«No se me ha olvidado nada».
—¿No crees que vas demasiado al hospital a ver a tu hermana? Llegas cada día cargada con bolsas —dijo Andrés a su esposa Natalia mientras cenaban, tras su regreso de otra visita.
—¿Y por qué te molesta tanto? —replicó Natalia, sorprendida.
—No es molestia. Sé que es tu hermana, pero Carla no está grave. Su marido, los hijos, la nuera… ¿Para qué ir tú a diario? ¿O habrá algún médico guapo que te atrae?
—¡Andrés, qué disparate! —le cortó Natalia—. Su doctora es una mujer. Tu teoría se desmorona.
—En serio, Nati, ¿por qué vas cada tarde tras el trabajo? Te levantas a las seis, preparas caldos, zumos… Luego corres al hospital. Es un suplicio. Se te notan las ojeras.
—Te lo explicaré, pero no te alejes —suspiró ella, recogiendo la mesa—. Prepararé té y hablamos.
—Perfecto —asintió Andrés—. Porque no entiendo nada.
***
A los diecisiete, Natalia Méndez llegó a Madrid desde un pueblo de Andalucía para estudiar. Tras suspender el acceso a la universidad, entró en un instituto de formación profesional en derecho. No quería volver a su aldea, donde solo había futuro como dependienta, como su madre. Quería independencia, trabajo estable, vida propia.
En el pueblo, había salido con Víctor Ruiz, compañero de clase. Él prefería la vida rural: trabajar en la finca olivarera de sus padres, hacer la mili y seguir allí. Natalia, horrorizada ante esa idea, rompió con él. Víctor, indiferente, se casó a los dieciocho con Elena, quien siempre lo admiró.
En Madrid, Natalia vivía en una residencia estudiantil. Sus padres le enviaban euros mensuales; aunque ajustados, evitaban que pasase hambre. Hasta aquel otoño…
Regresaba en autobús de la biblioteca, tras estudiar derecho civil. Era hora punta; el transporte, una lata de sardinas. Al bajar, descubrió su bolso cortado: le habían robado la cartera.
El horror: acababa de recibir la beca y el dinero de sus padres. No lo había guardado bajo el colchón, como siempre. Ahora no tenía nada. Peor aún: su padre tenía retrasos en el sueldo, y su madre le pidió austeridad.
—¿Por qué lloras? —preguntó Julia, su compañera de habitación, al verla.
Natalia lo contó.
—Vaya —dijo Julia—. Tú misma te lo buscas. ¿Quién lleva todo el efectivo encima? Deberías esconderlo en el sujetador. Eres lista en clase, pero en la calle, una despistada.
Natalia asintió, llorando. Sabía que denunciarlo era inútil. Solo le quedaban lentejas, cebollas y pasta. ¿Cómo sobreviviría?

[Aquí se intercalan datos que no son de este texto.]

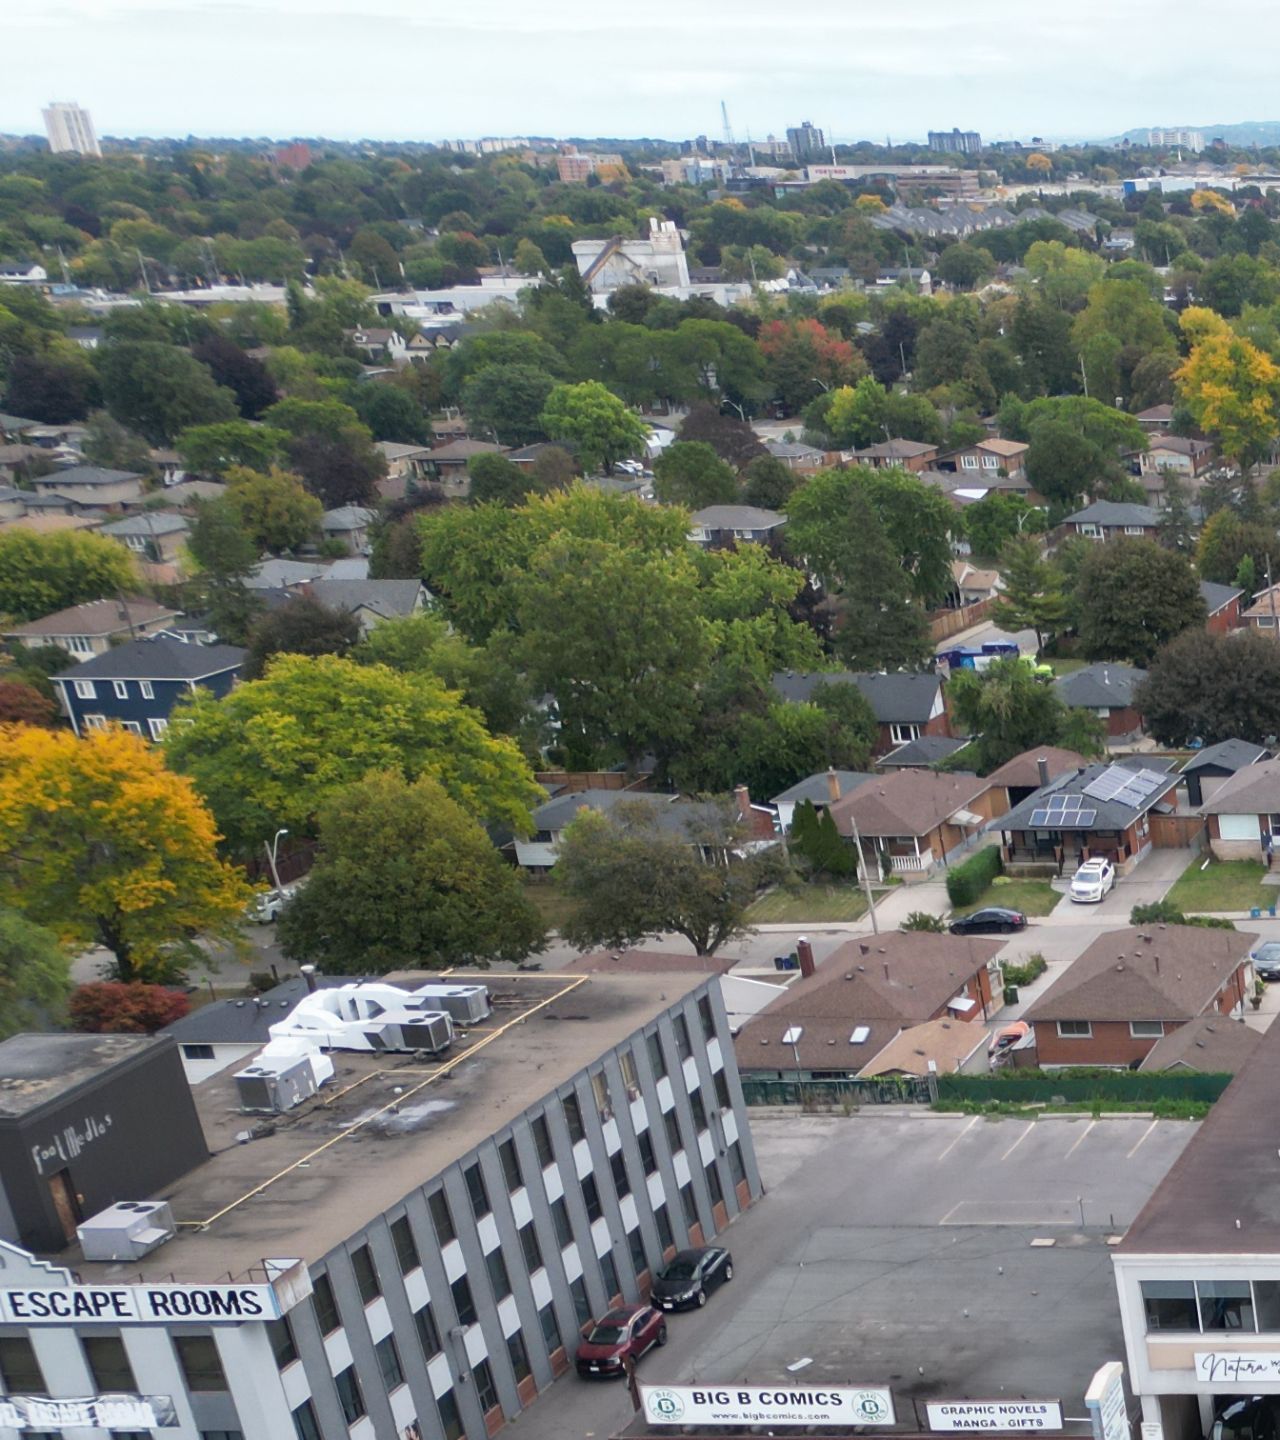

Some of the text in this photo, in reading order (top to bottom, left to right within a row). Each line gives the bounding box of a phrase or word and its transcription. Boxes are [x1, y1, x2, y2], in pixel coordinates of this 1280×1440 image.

—¿Quieres que te presente a un *papaíto*? —insinuó Julia.
—¿A quién?
—A un tipo adinerado. A cambio de… ya sabes. Con tu cara, no faltarían candidatos. Vivirías como una reina.
Natalia se estremeció. Sabía que Julia lo hacía, pero la idea le repugnaba.
—¿Me prestas dinero hasta la beca? —rogó.
—Lo siento, gasté todo en ropa. Pero mi oferta sigue. Cuando el estómago vacía, los principios sobran.
Natalia, sin responder, lloró en silencio hasta dormirse.